Postby retrofuturist » Sat Oct 01, 2011 11:39 am

Greetings,

The Pali Canon consists of three baskets (aka ti-pitaka).

There's the Sutta Pitaka which contains the Buddha's teachings (of which Dhammapada is a small part)
There's the Vinaya Pitaka which covers the monastic discipline, and finally...
There's the Abhidhamma Pitaka which covers psychological analysis of mindstates, and was ratified at the Third Buddhist Council.

The teachings are to be investigated, and if they seem reasonable, put into practice to see whether they are beneficial.

If/when they are seen to be beneficial, one is inclined to investigate and test them more deeply.
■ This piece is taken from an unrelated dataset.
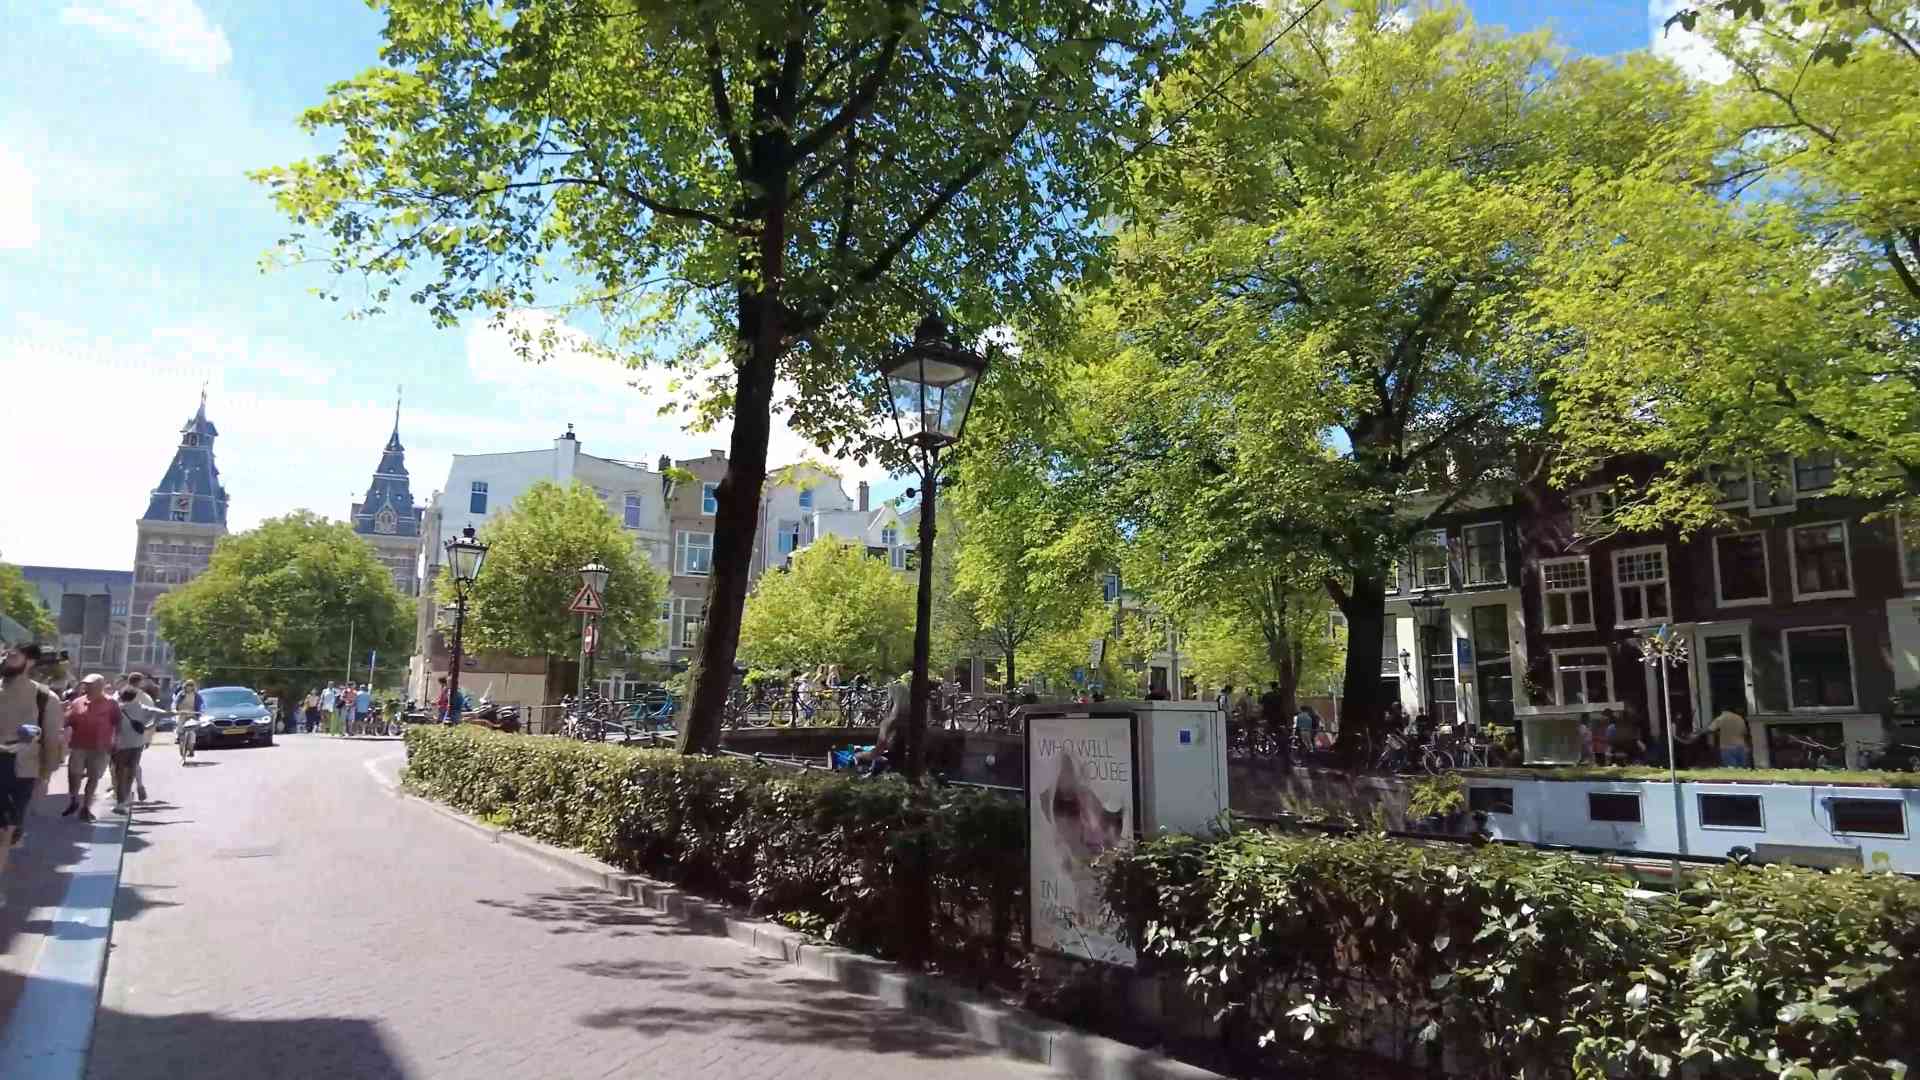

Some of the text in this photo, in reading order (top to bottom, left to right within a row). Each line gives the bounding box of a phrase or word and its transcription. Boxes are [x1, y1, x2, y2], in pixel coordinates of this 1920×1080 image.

[1040, 738, 1112, 759] WHO WILL
[1111, 761, 1129, 782] BE
[1040, 880, 1058, 899] IN
Whilst of course you can't validate the existence or truth of certain milestones before you get there, you can determine whether the application of these teachings (as best as you understand them and are capable and committed to following them) is bringing you happiness, calmness and a reduction in suffering.

If you like what you see in the Dhammapada, I would recommend further investigation of the Sutta Pitaka, either through books, or on sites like Access To Insight where suttas can be read for free.
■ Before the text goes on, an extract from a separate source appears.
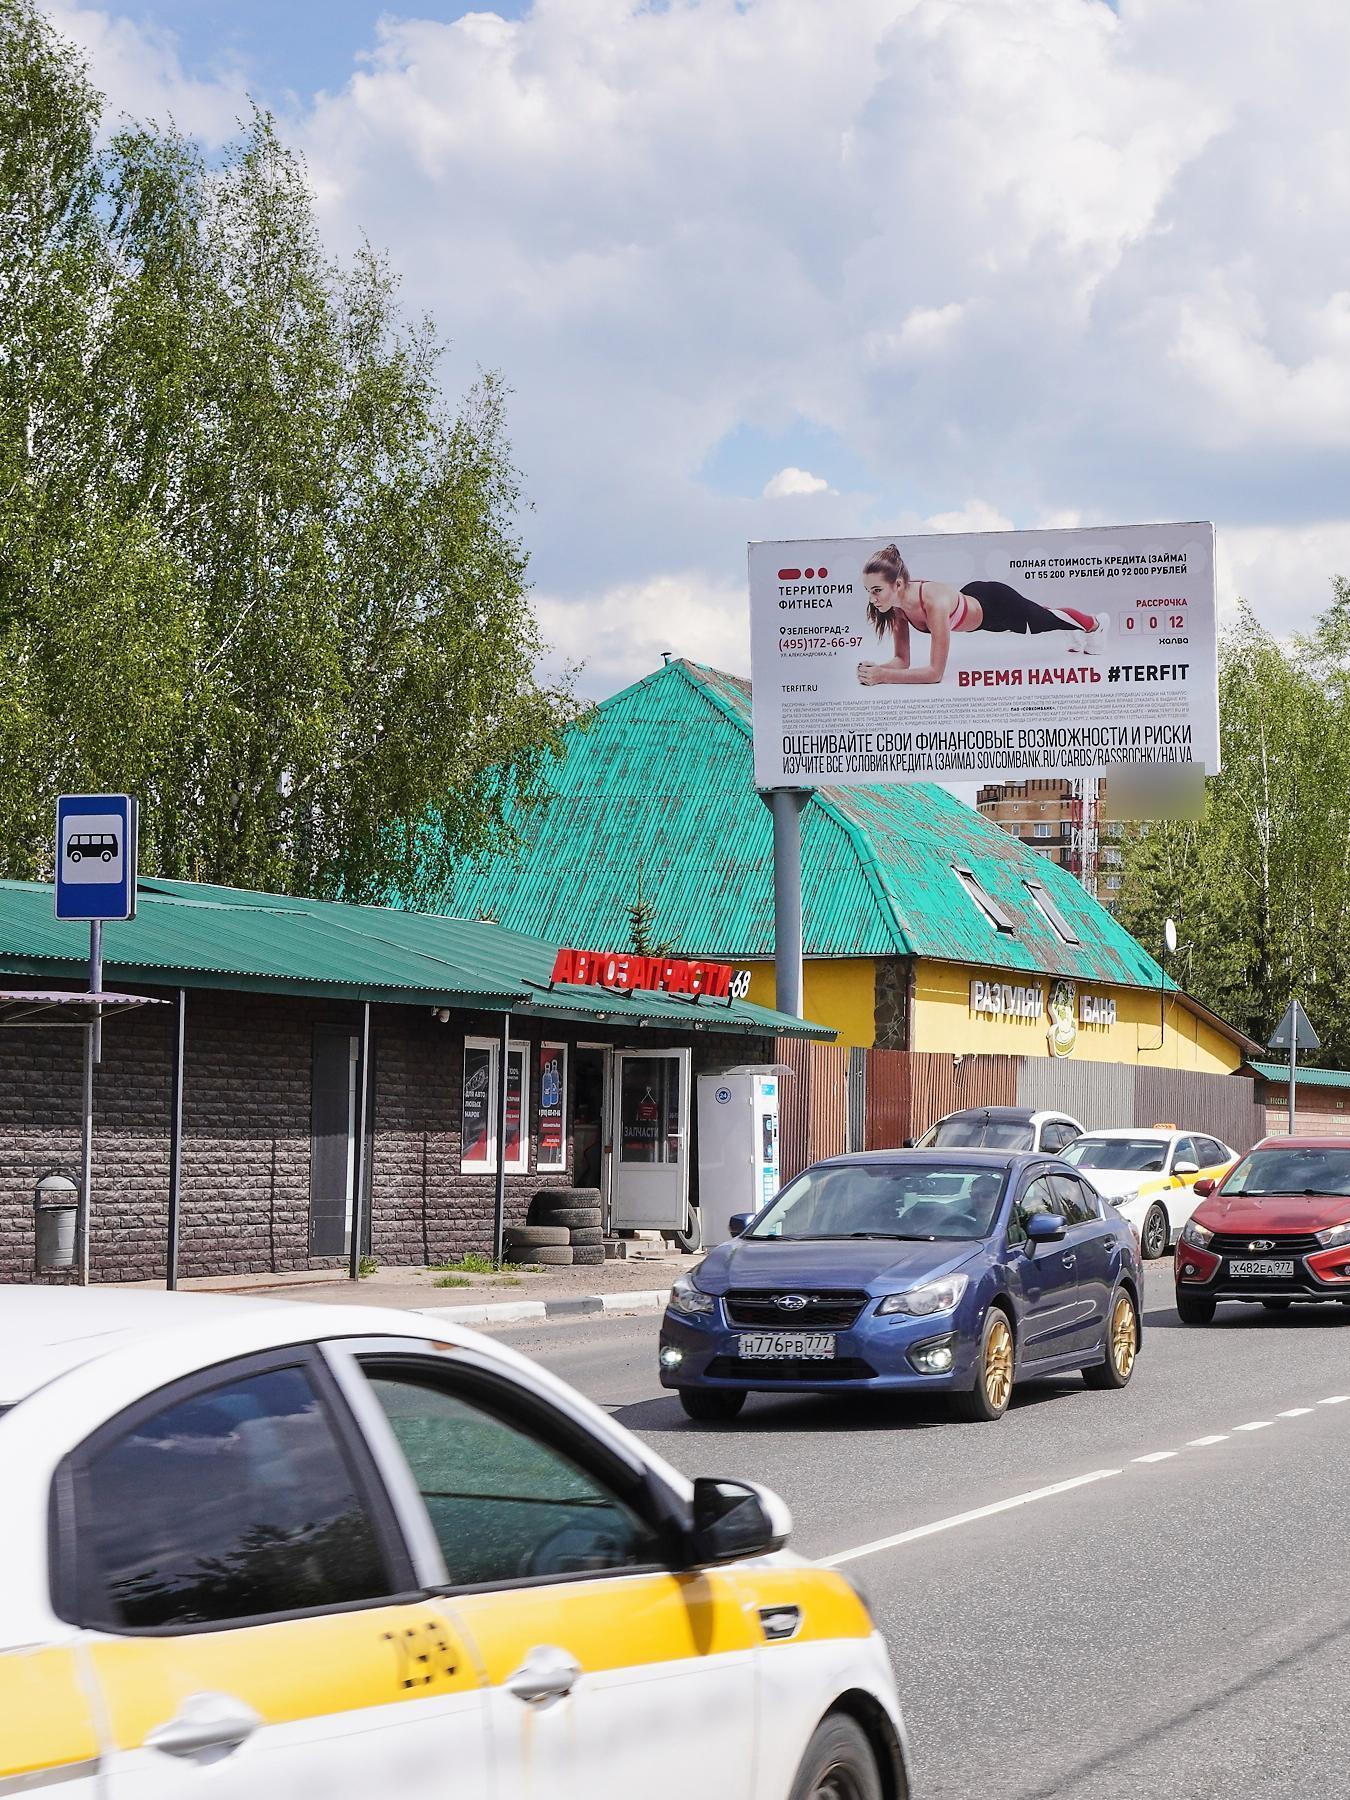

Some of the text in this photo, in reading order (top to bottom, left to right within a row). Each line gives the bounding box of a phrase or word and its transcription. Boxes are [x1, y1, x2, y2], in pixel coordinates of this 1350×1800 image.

If you wish to pursue meditation to complement your investigations, there are also many options available in that space too.

Metta,
Retro. :)
"Do not force others, including children, by any means whatsoever, to adopt your views, whether by authority, threat, money, propaganda, or even education." - Ven. Thich Nhat Hanh

"The uprooting of identity is seen by the noble ones as pleasurable; but this contradicts what the whole world sees." (Snp 3.12)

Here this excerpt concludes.